Multi Monitor Madness — 3.3 million pixels

2 minute read

Late last month I bought a 20″ Dell LCD Monitor. The native mode of this monitor is 1,680 x 1,050, about 1.7 million pixels.

At the time I bought it I was intending to design, order, and build a fresh new PC for myself, but I haven’t had the time to get to step #1 of that process. I decided to connect the monitor to my existing PC instead. This PC is now a genuine antique, but it didn’t start out that way. I have a Tyan Tiger-133 motherboard, 2 800 Mhz Pentium III’s, 1.5 GB of RAM, 7 devices on the USB bus, about 400 GB of hard drive space, and (until yesterday) two 15″ ViewSonic LCDs driven by a GeForce 440MX video card.

I went to my local CompUSA and bought a $79 PCI video card to power the new monitor. Brought it home, cleared off (as in shoved aside a huge pile of papers) a lot of space on my desktop, and slotted it in between the two ViewSonics. Opened up the PC, vacuumed out a lot of dust, and put in the video card. Powered it up, loaded some drivers, fiddled with the configuration to get it to show up, and I was up and running. The results are stunning:

I now have separate screens for the major things that I focus on when I am working at home: A PuTTY window on the left for code and system administration, a big browsing and working area in the middle, and an email window on the right (running Thunderbird, of course).

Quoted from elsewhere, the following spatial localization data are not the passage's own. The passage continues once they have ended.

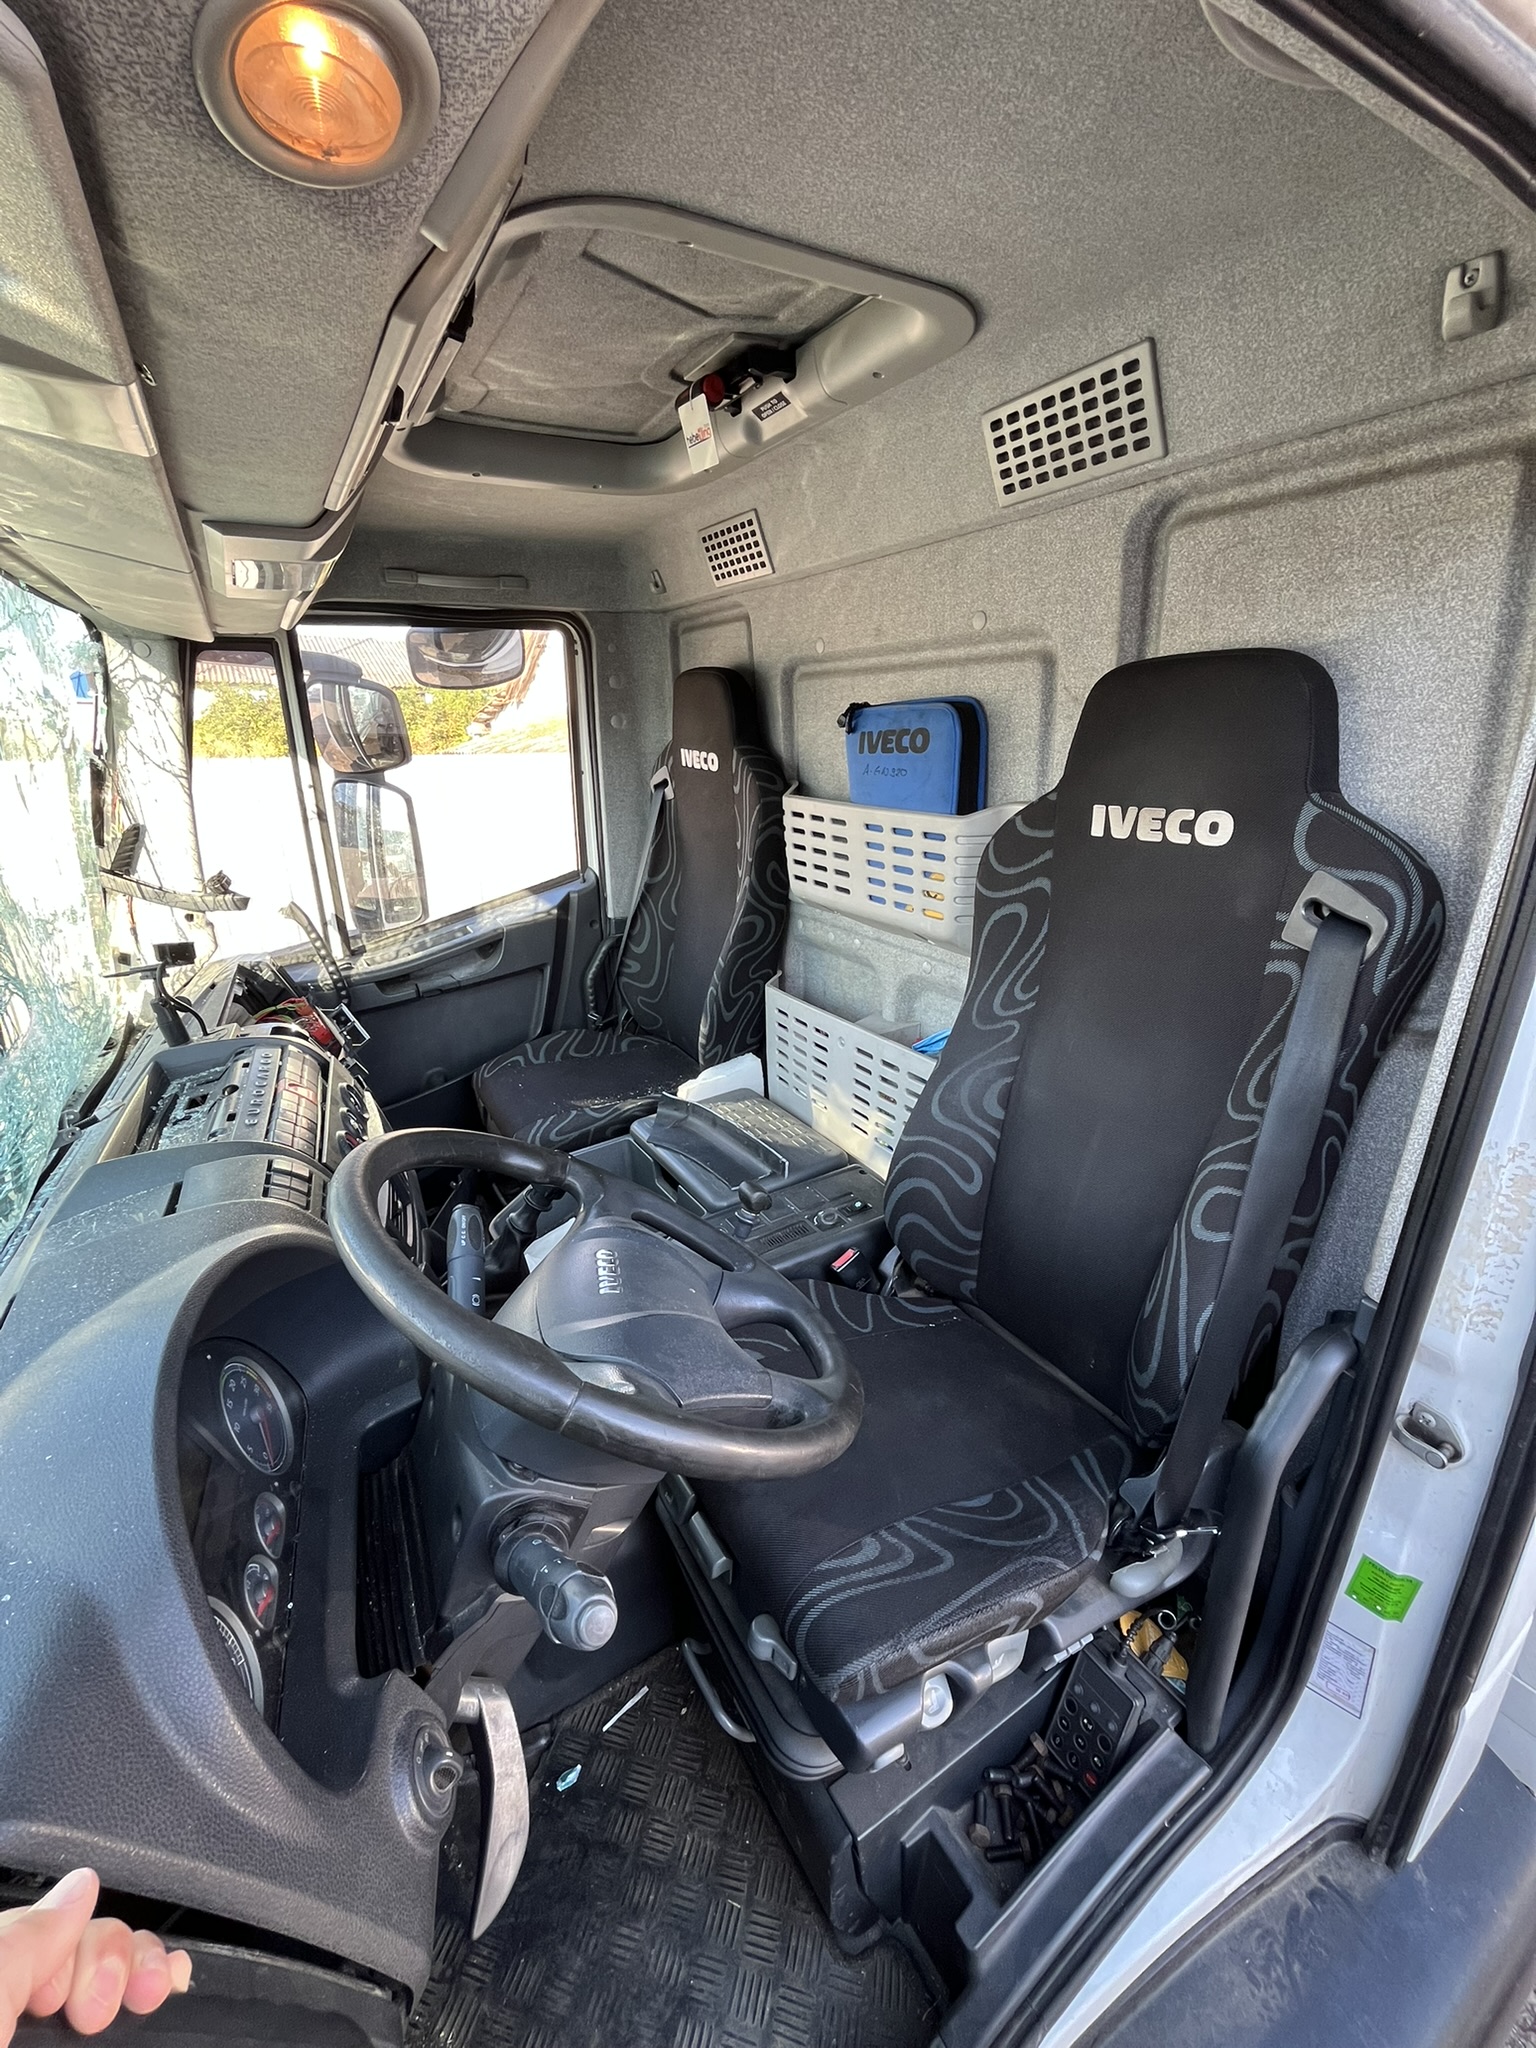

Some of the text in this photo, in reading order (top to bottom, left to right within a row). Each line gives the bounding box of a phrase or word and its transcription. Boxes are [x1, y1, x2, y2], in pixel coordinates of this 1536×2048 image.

[858, 727, 931, 755] IVECO
[680, 748, 719, 772] IVECO
[1090, 804, 1235, 847] IVECO
[244, 1051, 273, 1126] EUROCARGO
[595, 1249, 624, 1295] IVECO
[228, 1378, 237, 1392] 20
[226, 1398, 234, 1409] 15
[233, 1422, 241, 1433] 10
[246, 1444, 254, 1453] 5
[262, 1451, 269, 1460] 0
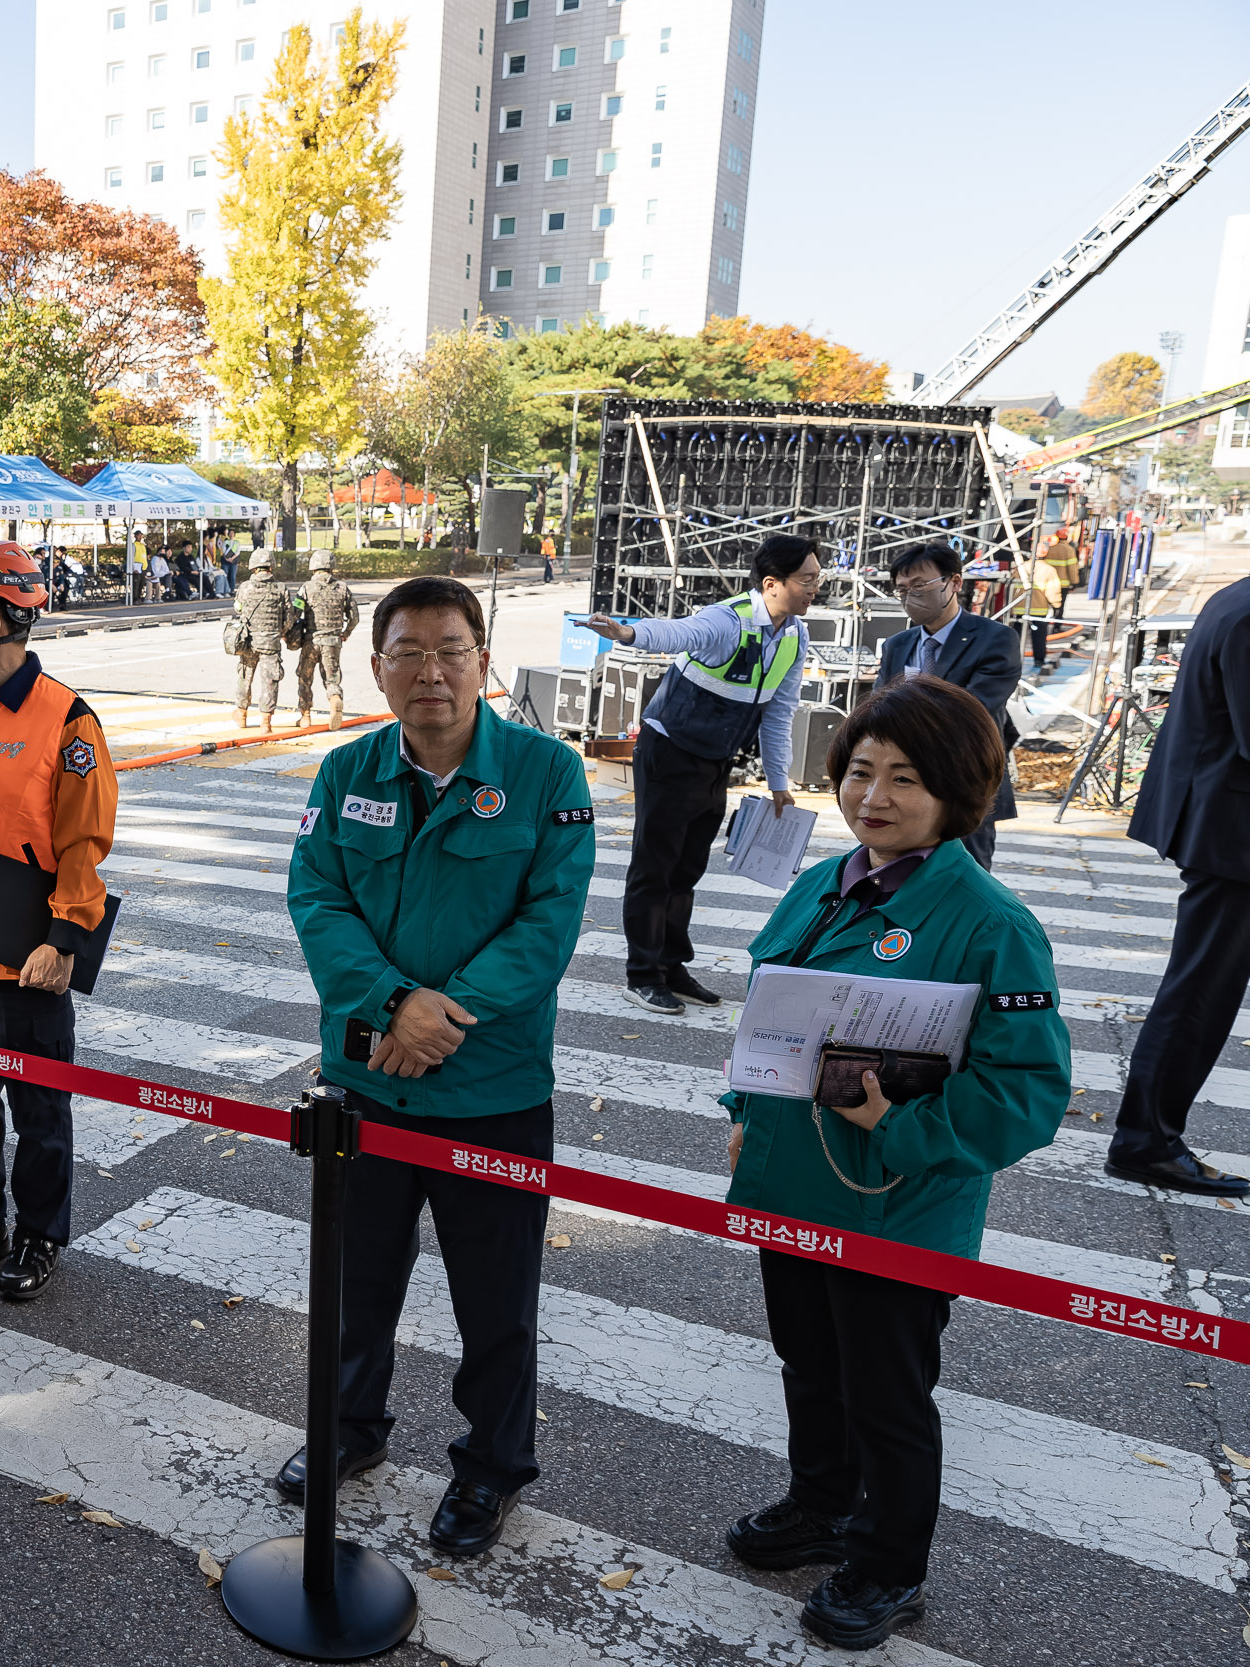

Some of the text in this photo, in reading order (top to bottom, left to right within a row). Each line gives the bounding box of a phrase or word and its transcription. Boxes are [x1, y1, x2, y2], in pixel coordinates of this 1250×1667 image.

The visuals on the new monitor are spectacular. I am running it at 32 bits per pixel and the colors are superb. The screen is bright, crisp, and intensely white. The ViewSonics by comparison now appear dim, unfocused, and somewhat yellow. Scrolling is visibly slow on the new monitor. As far as I can tell I have all relevant video acceleration turned on, but it just doesn’t feel very fast. I’ll have to play with the settings. I have not been able to do a good job of aligning the virtual coordinates of each monitor using the Display preferences in the Control Panel; there has to be a tool that will give me more precise control. That’s ok, I don’t need to span windows and I don’t plan to be dragging from window to window very often.

All in all I am pleased with the results, and I see that the Dell monitor is now even cheaper than it was when I bought it. I paid $599 and it is now down to $559.